[Start of Attachment]

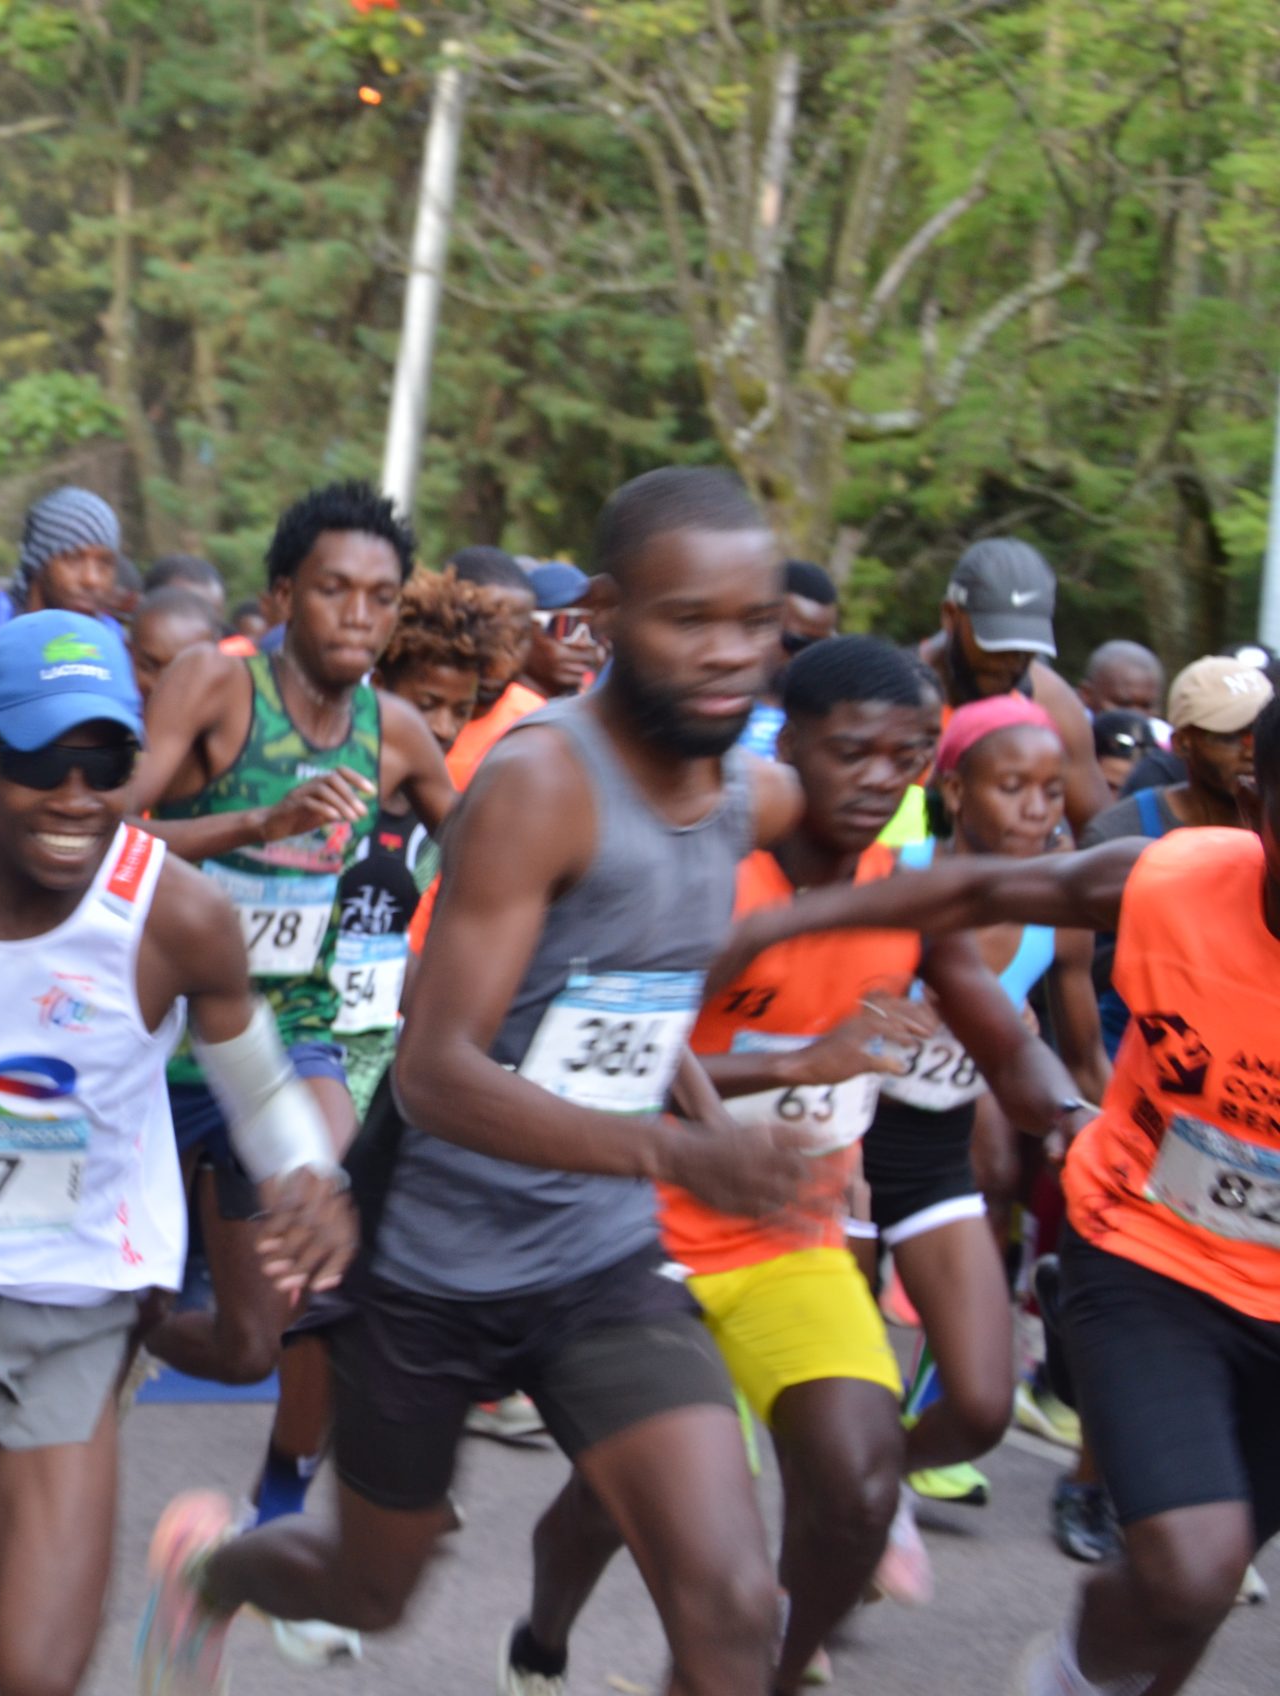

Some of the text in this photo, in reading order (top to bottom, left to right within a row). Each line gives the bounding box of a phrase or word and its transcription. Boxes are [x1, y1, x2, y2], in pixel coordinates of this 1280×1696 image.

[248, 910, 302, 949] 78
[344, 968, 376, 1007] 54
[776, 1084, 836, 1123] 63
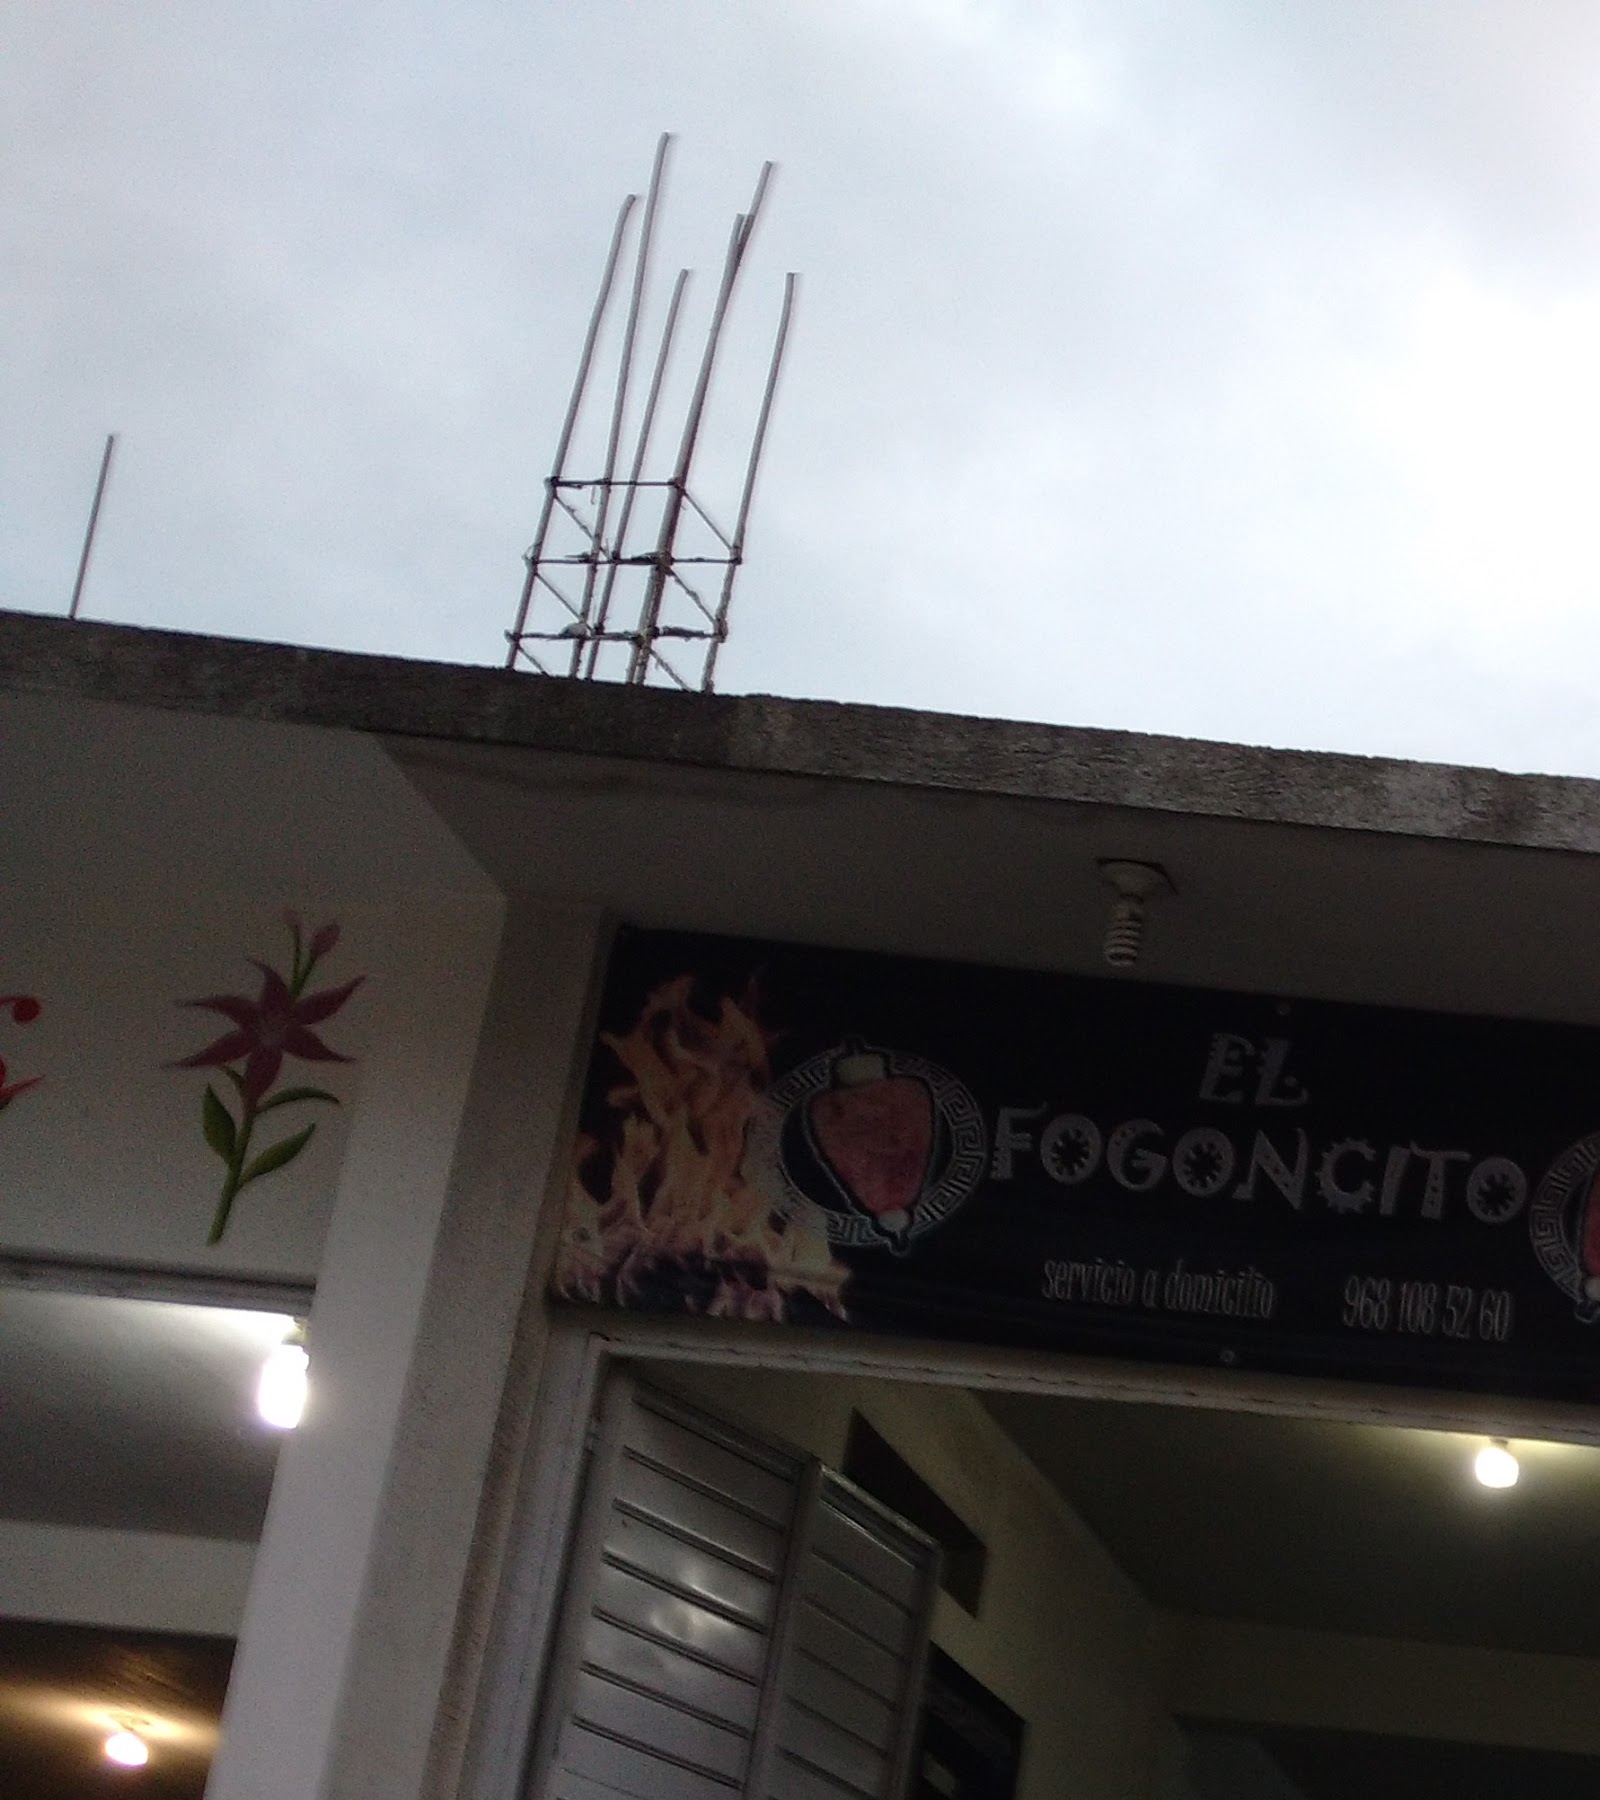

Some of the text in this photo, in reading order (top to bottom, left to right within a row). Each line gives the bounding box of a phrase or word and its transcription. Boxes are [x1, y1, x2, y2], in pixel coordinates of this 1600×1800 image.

[End of Attachment]

Write out every line above exactly, minus images.

▸ **Task response**
Some of the text in this photo, in reading order (top to bottom, left to right within a row). Each line gives the bounding box of a phrase or word and its transcription. Boxes are [x1, y1, x2, y2], in pixel coordinates of this 1280×1696 image.

[248, 910, 302, 949] 78
[344, 968, 376, 1007] 54
[776, 1084, 836, 1123] 63

Some of the text in this photo, in reading order (top to bottom, left to right within a row). Each line gives the bounding box of a phrase or word and its transcription. Boxes are [x1, y1, x2, y2], in pixel coordinates of this 1600×1800 image.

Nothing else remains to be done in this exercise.